══ EXCERPTED DATA ══

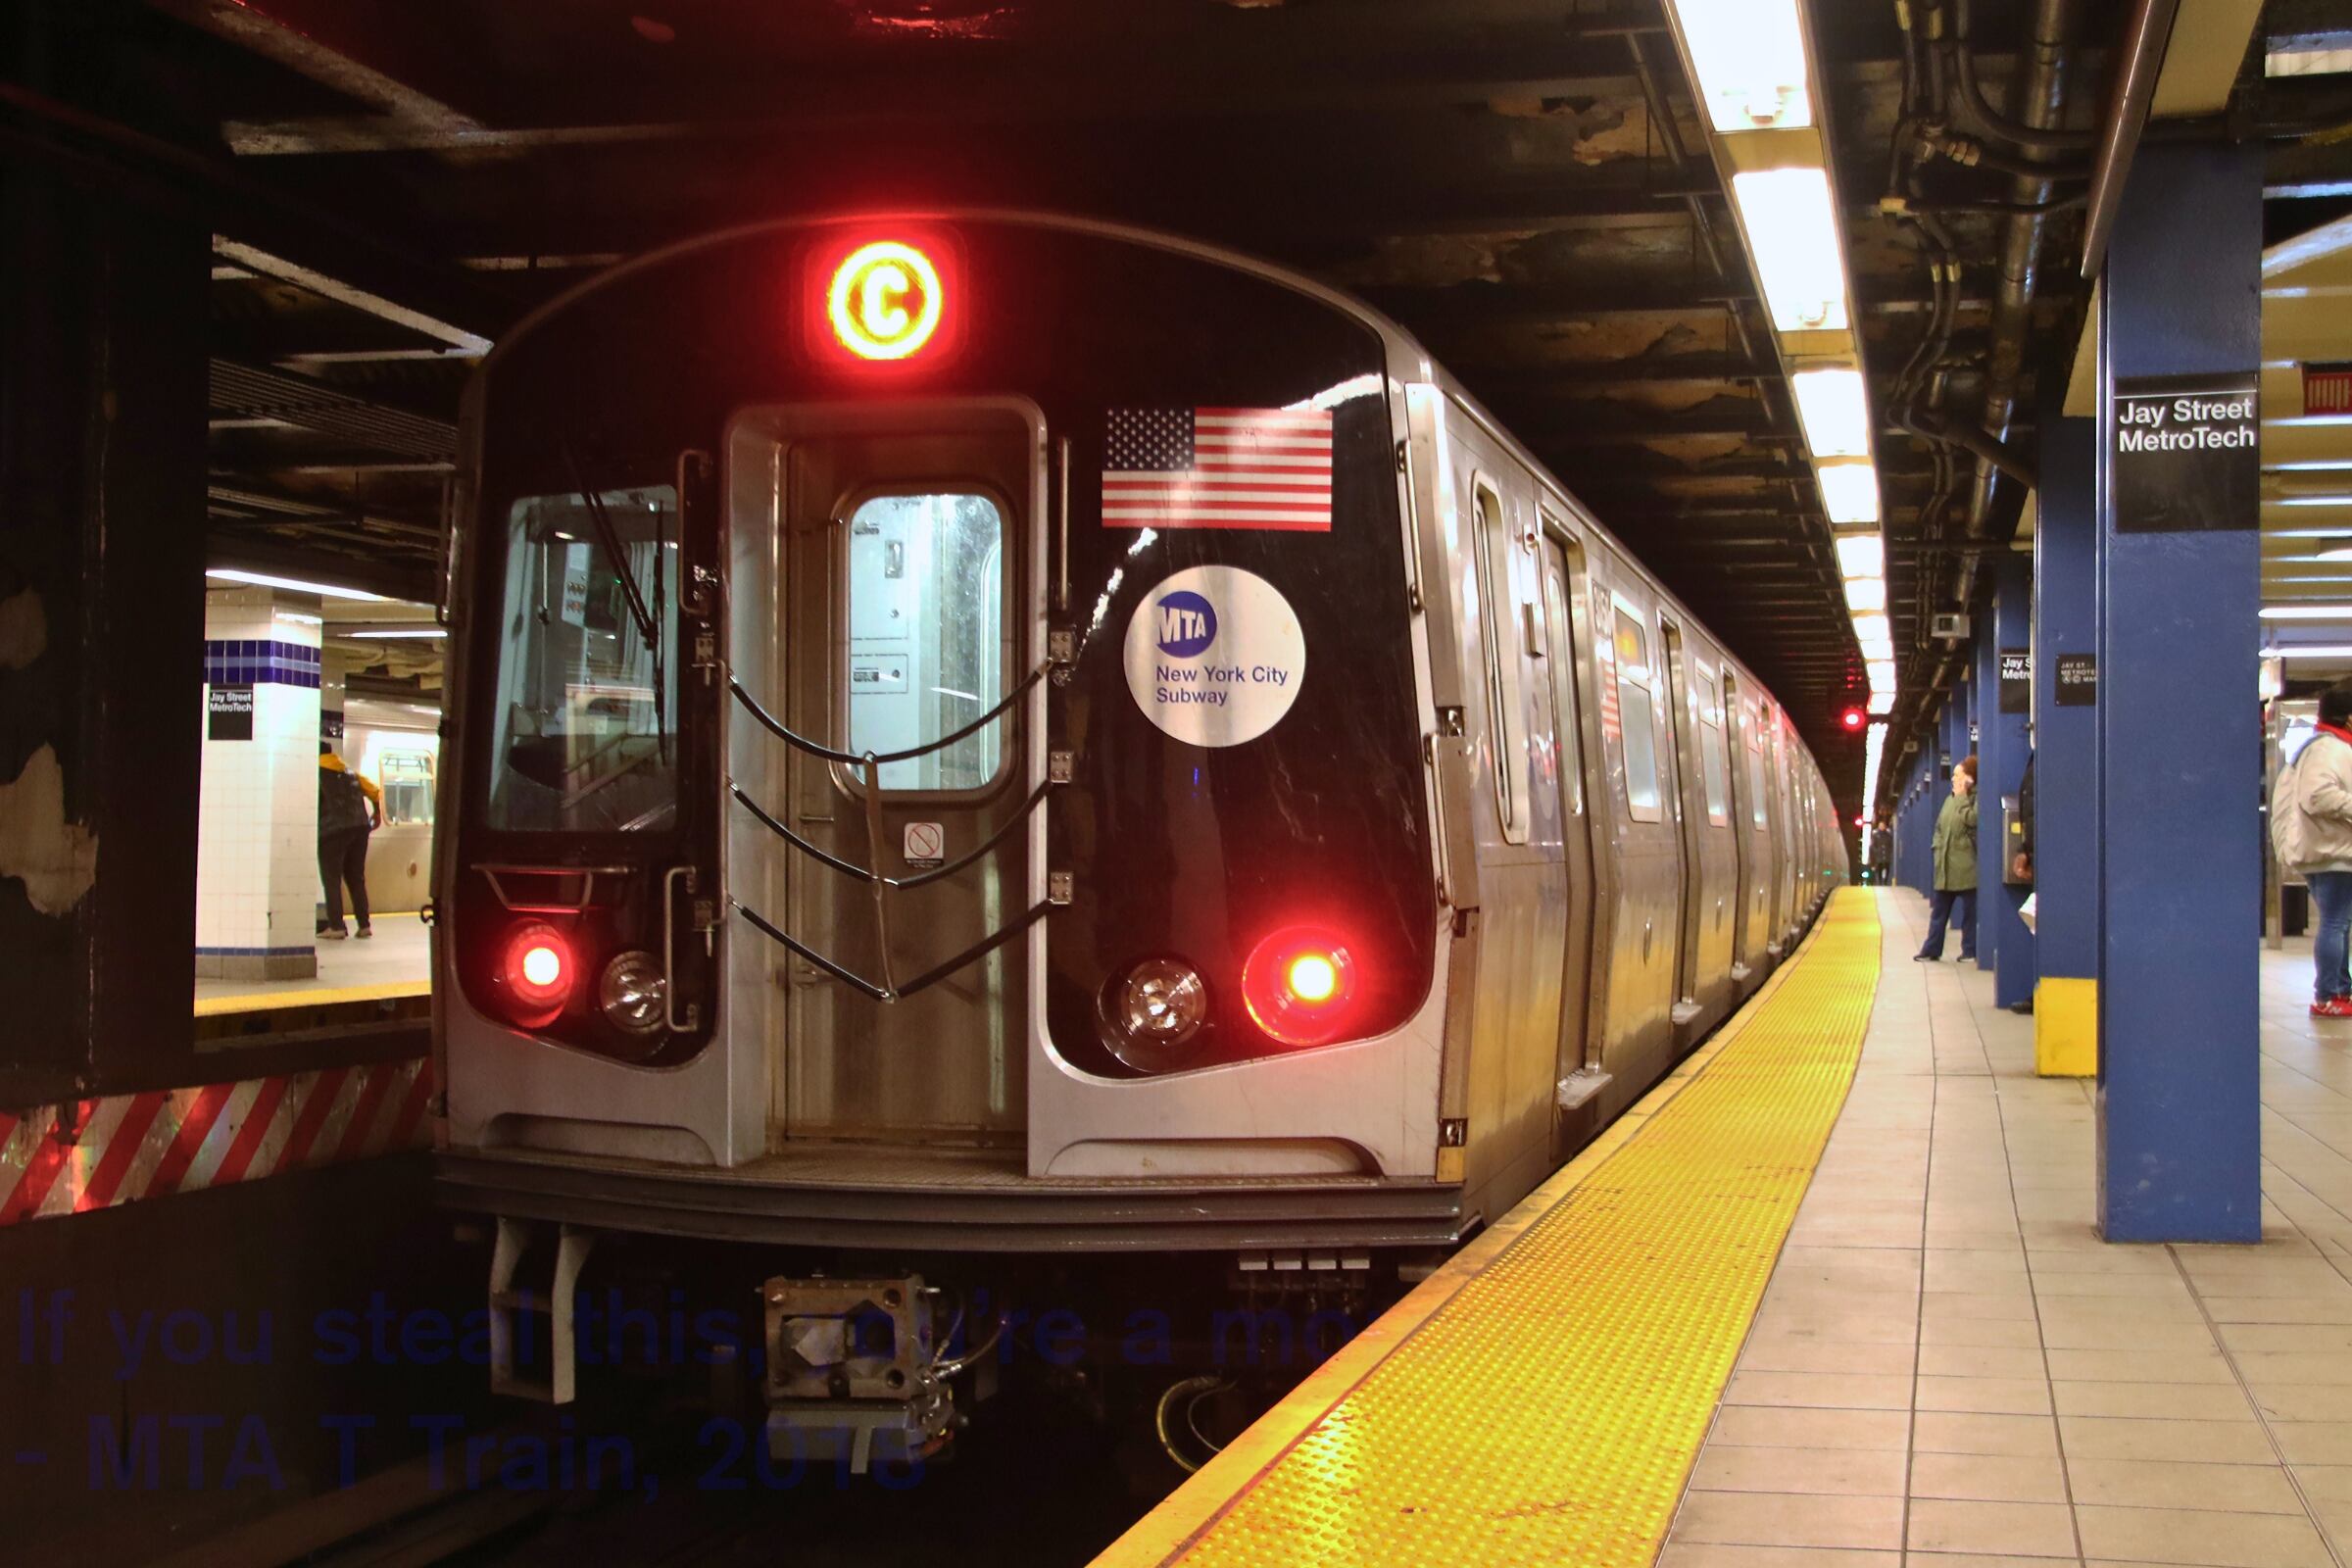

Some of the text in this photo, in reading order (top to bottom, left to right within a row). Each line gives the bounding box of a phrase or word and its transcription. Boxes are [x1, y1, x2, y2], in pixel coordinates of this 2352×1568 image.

[862, 265, 910, 336] C
[2119, 398, 2253, 428] Jay Street
[2119, 424, 2255, 452] MetroTech
[1156, 605, 1207, 644] MTA
[1156, 665, 1288, 686] New York City
[2002, 658, 2023, 669] Jay
[1155, 687, 1228, 707] Subway

═══

WHAT IS EXPECTED
The records above are to be transcribed in full, with images omitted.

REPLY TO THE TASK
Some of the text in this photo, in reading order (top to bottom, left to right within a row). Each line gives the bounding box of a phrase or word and its transcription. Boxes are [x1, y1, x2, y2], in pixel coordinates of this 2352×1568 image.

[862, 265, 910, 336] C
[2119, 398, 2253, 428] Jay Street
[2119, 424, 2255, 452] MetroTech
[1156, 605, 1207, 644] MTA
[1156, 665, 1288, 686] New York City
[2002, 658, 2023, 669] Jay
[1155, 687, 1228, 707] Subway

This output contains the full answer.